Few scenes in Star Wars have stirred as much debate as the moment Kylo Ren slices Supreme Leader Snoke in half during The Last Jedi. The mysterious big bad introduced in The Force Awakens, rumored to be Darth Plagueis or some other ancient Sith mastermind, was built up with ominous weight, only to be suddenly and shockingly killed off halfway through Episode VIII.
Now, writer-director Rian Johnson is revisiting that controversial choice and doubling down on why it was the right move.

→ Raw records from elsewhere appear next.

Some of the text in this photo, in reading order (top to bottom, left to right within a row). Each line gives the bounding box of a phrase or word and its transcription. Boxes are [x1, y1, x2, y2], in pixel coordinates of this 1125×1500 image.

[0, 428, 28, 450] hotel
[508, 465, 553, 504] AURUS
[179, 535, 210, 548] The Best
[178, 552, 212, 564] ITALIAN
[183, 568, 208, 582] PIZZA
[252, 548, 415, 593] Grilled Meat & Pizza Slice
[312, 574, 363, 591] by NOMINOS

In a new profile with Rolling Stone, Johnson addressed not only the backlash surrounding Snoke’s death, but also the misconception that he made The Last Jedi in isolation, with no coordination with J.J. Abrams. Johnson said:
“We communicated. We met and I spent days with him and was able to get into his head and all the choices he had made. That having been said, I communicated and I went and made the movie. And he was in the middle of Force Awakens.
“Ultimately, I feel like the choices in it, none of them were born out of an intent to ‘undo’ anything. They were all borne out of the opposite intent of, how do I take this story that J.J. wrote, that I really loved, and these characters he created that I really loved, and take them to the next step?”

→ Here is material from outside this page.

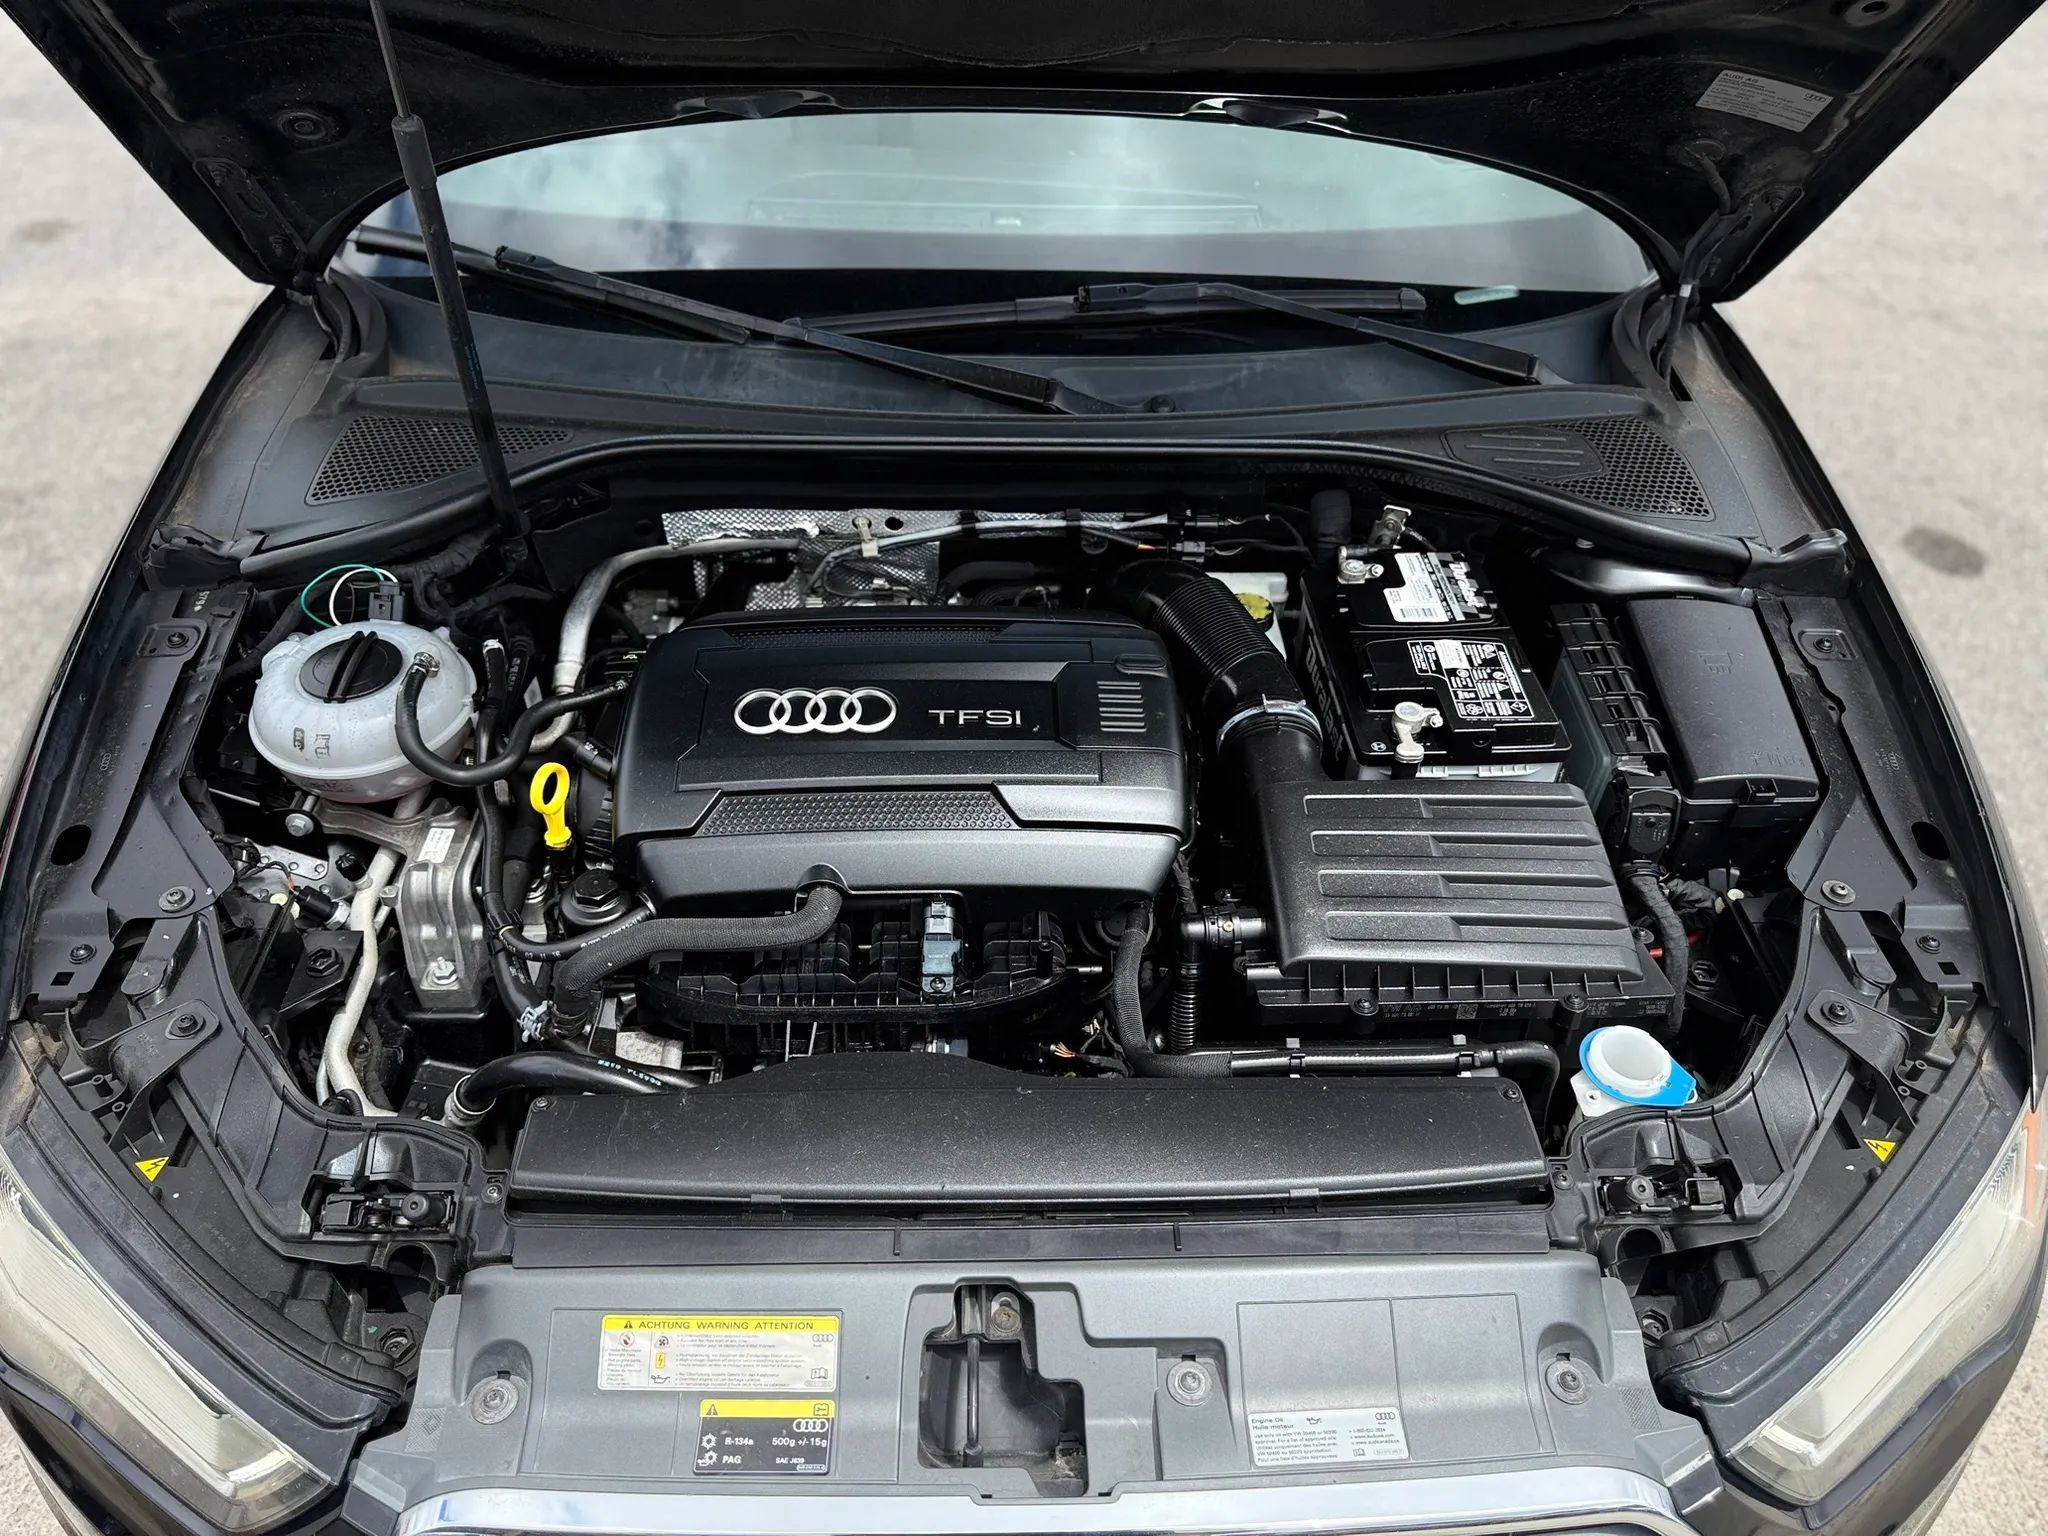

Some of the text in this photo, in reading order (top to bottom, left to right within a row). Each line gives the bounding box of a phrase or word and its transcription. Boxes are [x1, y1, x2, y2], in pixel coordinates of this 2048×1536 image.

For Johnson, the goal wasn’t to shock for the sake of it or to wipe Abrams’ work clean. He says he took Lucasfilm president Kathleen Kennedy’s request seriously when she asked him to craft the Empire Strikes Back of the sequel trilogy.
“Kathy [Kennedy] said, ‘We’re looking at someone to do the Empire of this series.’ I took that assignment very seriously. Maybe more seriously than someone would have liked.
“I guess to me that didn’t mean making something that just had nods to Empire — that meant trying to genuinely do what Empire did.”
So when it came time to deal with Snoke, Johnson saw an opportunity, not to remove a villain, but to elevate another one.
“That was, in reading J.J.’s script [for Force Awakens], and watching the dailies, and seeing the power of Adam Driver’s character. The interrogation scene in the first movie, between Rey and Kylo, was so incredibly powerful.
“Seeing this complicated villain that’s been created, I was just so compelled by that. This is all a matter of perspective and phrasing, but to me, I didn’t easily dispense with Snoke.”
Instead, Johnson says he used Snoke’s death as a deliberate turning point to push Kylo Ren into full villain mode.
“I took great pains to use him in the most dramatically impactful way, which was to then take Kylo’s character to the next level and set him up as well as I possibly could.
“I guess it all comes down to your point of view. I thought, ‘This is such a compelling and complicated villain. This is who it makes sense going forward to build around.’”
Of course, Abrams later pivoted back to the old school by bringing back Emperor Palpatine in The Rise of Skywalker, revealing that Snoke was merely a puppet of the Sith Lord all along.
Rey was also retconned as Palpatine’s granddaughter, backtracking the idea that she was “nobody,” another creative decision that divided fans.
Still, love it or hate it, Johnson’s vision for the middle chapter wasn’t about playing it safe or satisfying every theory. It was about shifting power, challenging expectations, and, for better or worse, surprising the audience.